Escaparon del geriátrico, tomaron su convento y ahora les exigen cerrar sus redes
Las monjas virales Sor Bernadette, Sor Regina y Sor Rita -todas austríacas y mayores de 80 años- protagonizan una increíble trama de fuga, regreso clandestino y resistencia digital.
Las monjas virales volvieron a desafiar toda lógica eclesiástica con una historia digna de una película europea. Tres religiosas austríacas de más de 80 años -Sor Bernadette (88), Sor Regina (86) y Sor Rita (82)- escaparon de un geriátrico, recuperaron su convento perdido y se transformaron en un fenómeno masivo en redes sociales, lo que ahora las enfrenta a un ultimátum directo de la Iglesia.
El conflicto tomó estado público esta semana cuando las autoridades religiosas les ofrecieron permanecer en el Kloster Goldenstein, el convento austríaco donde pasaron casi toda su vida, sólo si eliminan sus cuentas de redes sociales. Lejos de aceptarlo, las hermanas aseguran que se trata de un intento de silenciarlas.
Un traslado forzado que detonó la rebelión
La historia comenzó en diciembre de 2023, cuando -según relatan- fueron retiradas del convento contra su voluntad y derivadas a una residencia para adultos mayores. Aunque tenían derecho a vivir allí de por vida mientras su salud lo permitiera, las autoridades decidieron trasladarlas alegando otras necesidades.
Para las monjas, el cambio fue traumático.

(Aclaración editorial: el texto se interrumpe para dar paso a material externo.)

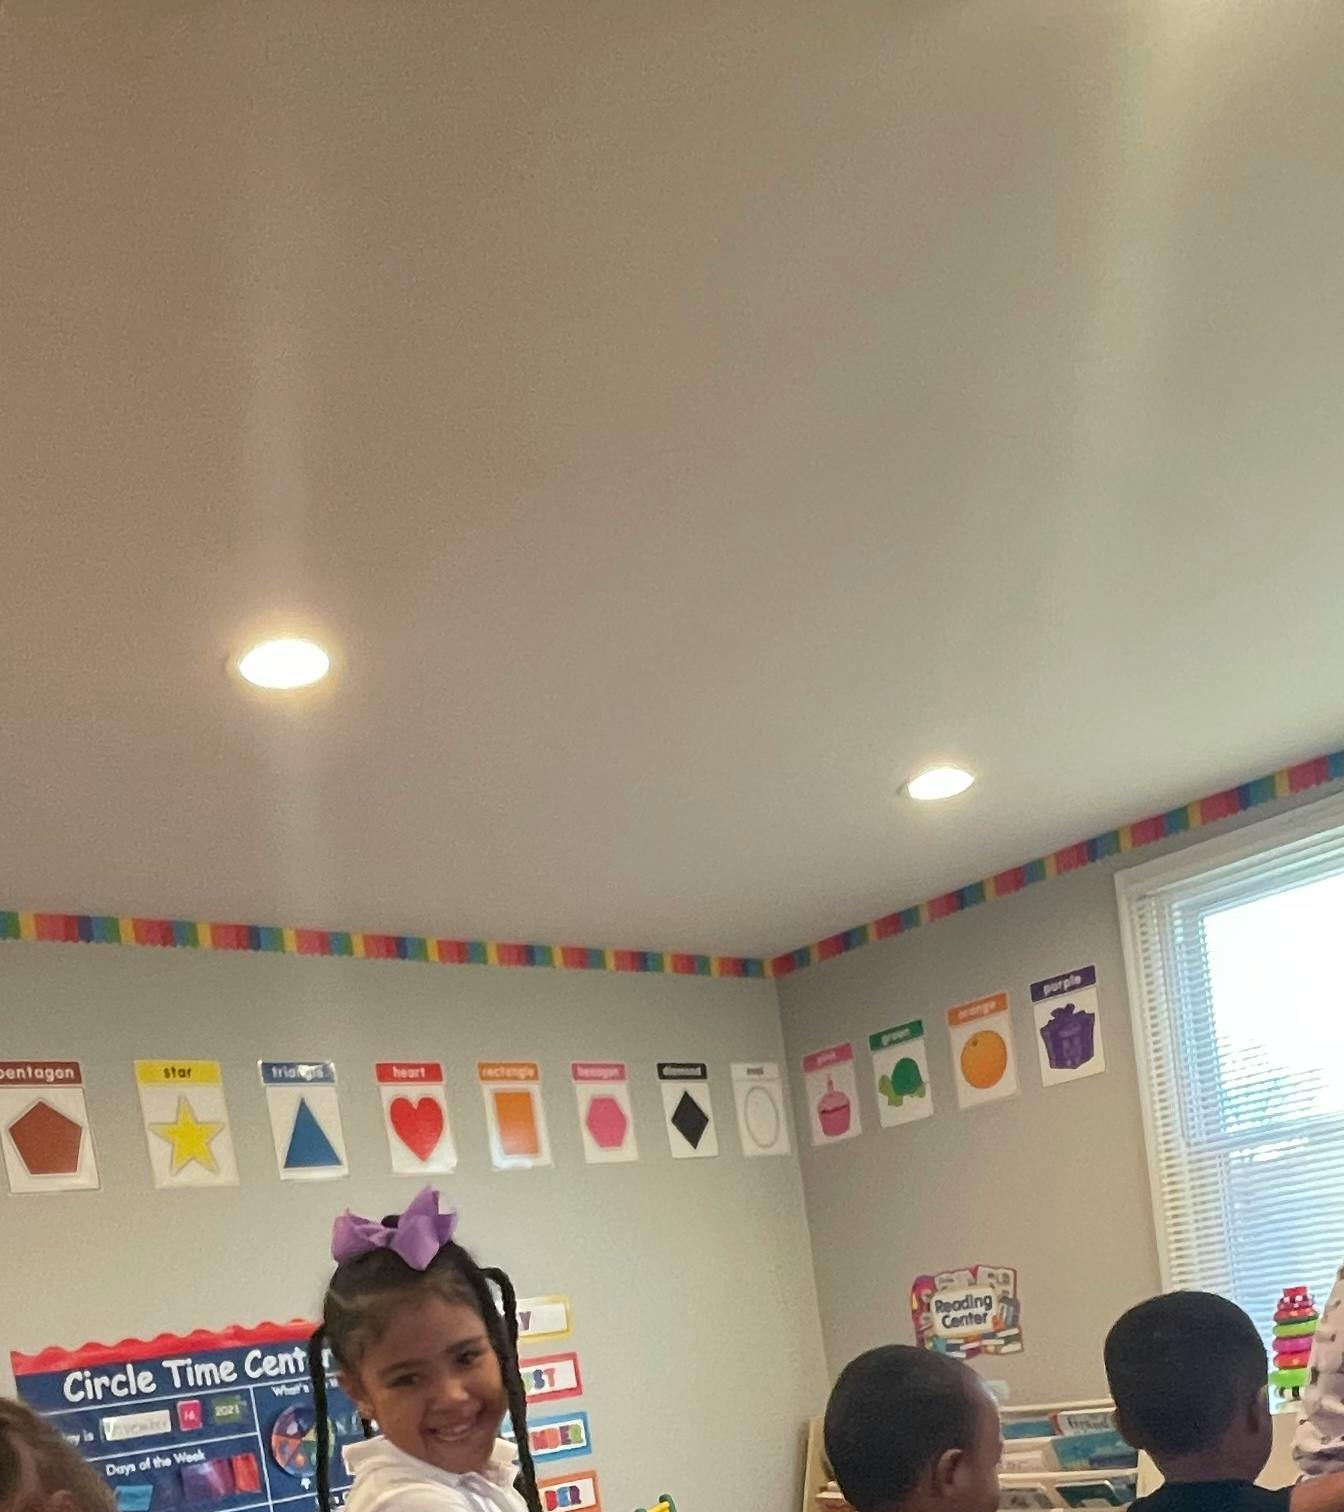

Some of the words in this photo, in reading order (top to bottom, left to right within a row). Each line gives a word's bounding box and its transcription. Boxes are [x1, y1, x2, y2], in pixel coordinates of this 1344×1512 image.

Aseguran que no dieron su consentimiento y que el desarraigo se volvió insostenible.
La fuga: cerrajero incluido
En septiembre de este año dieron el golpe que sorprendió al país: planearon su regreso clandestino al convento con la ayuda de exalumnas de la histórica escuela que funcionó allí desde 1877.
Un cerrajero completó el equipo. Volvieron al castillo frente a los Alpes y desataron la indignación de los funcionarios eclesiásticos.
De la clausura al furor en redes: cómo nacieron las 'monjas influencers'
El regreso encendió otro fenómeno inesperado: las religiosas comenzaron a publicar videos de su vida diaria. Rezos, tareas domésticas, ejercicios y hasta escenas de Sor Rita probando guantes de boxeo enviados por seguidores. En pocas semanas alcanzaron casi 100.000 seguidores en Instagram y miles más en Facebook.
Su comunidad digital les envía comida, asistencia técnica y apoyo para mantener la estadía en el convento.
Para las hermanas, su presencia online es vital: "Antes de morir en esa residencia de ancianos, preferiría ir a un prado y entrar así en la eternidad", dijo Sor Bernadette a la BBC, en una frase que se volvió símbolo de su lucha.
También reivindican su historia: Bernadette llegó en 1948 y compartió aulas con la actriz Romy Schneider; Regina ingresó en 1958 y Rita en 1962. Fueron maestras de generaciones y hoy son las últimas integrantes de una comunidad que se disolvió en 2024.
El ultimátum: quedarse sí, pero sin redes
El portavoz del preboste Markus Grasl, Harald Schiffl, confirmó las condiciones: "Pueden quedarse hasta nuevo aviso, aunque con exigencias claras. Tienen que cerrar sus cuentas, dejar de publicar contenido y garantizar que ningún externo acceda a áreas cerradas del convento".
La oferta fue interpretada por las monjas como un intento de callarlas. En un comunicado difundido en su nombre advirtieron que la propuesta tiene "carácter de contrato de silencio" y que sus necesidades no están siendo contempladas.
También cuestionaron la legalidad de la exigencia: "Nos privaría de nuestra única protección frente al público interesado".
Lo que viene: ¿acatar o resistir?
La negociación continúa. "Les toca a las hermanas", dijo Schiffl, dejando la decisión final en manos de ellas: aceptar el ultimátum o resistir una vez más.
Entre la calma del convento y la libertad digital, las monjas virales enfrentan el momento más decisivo de su particular revolución.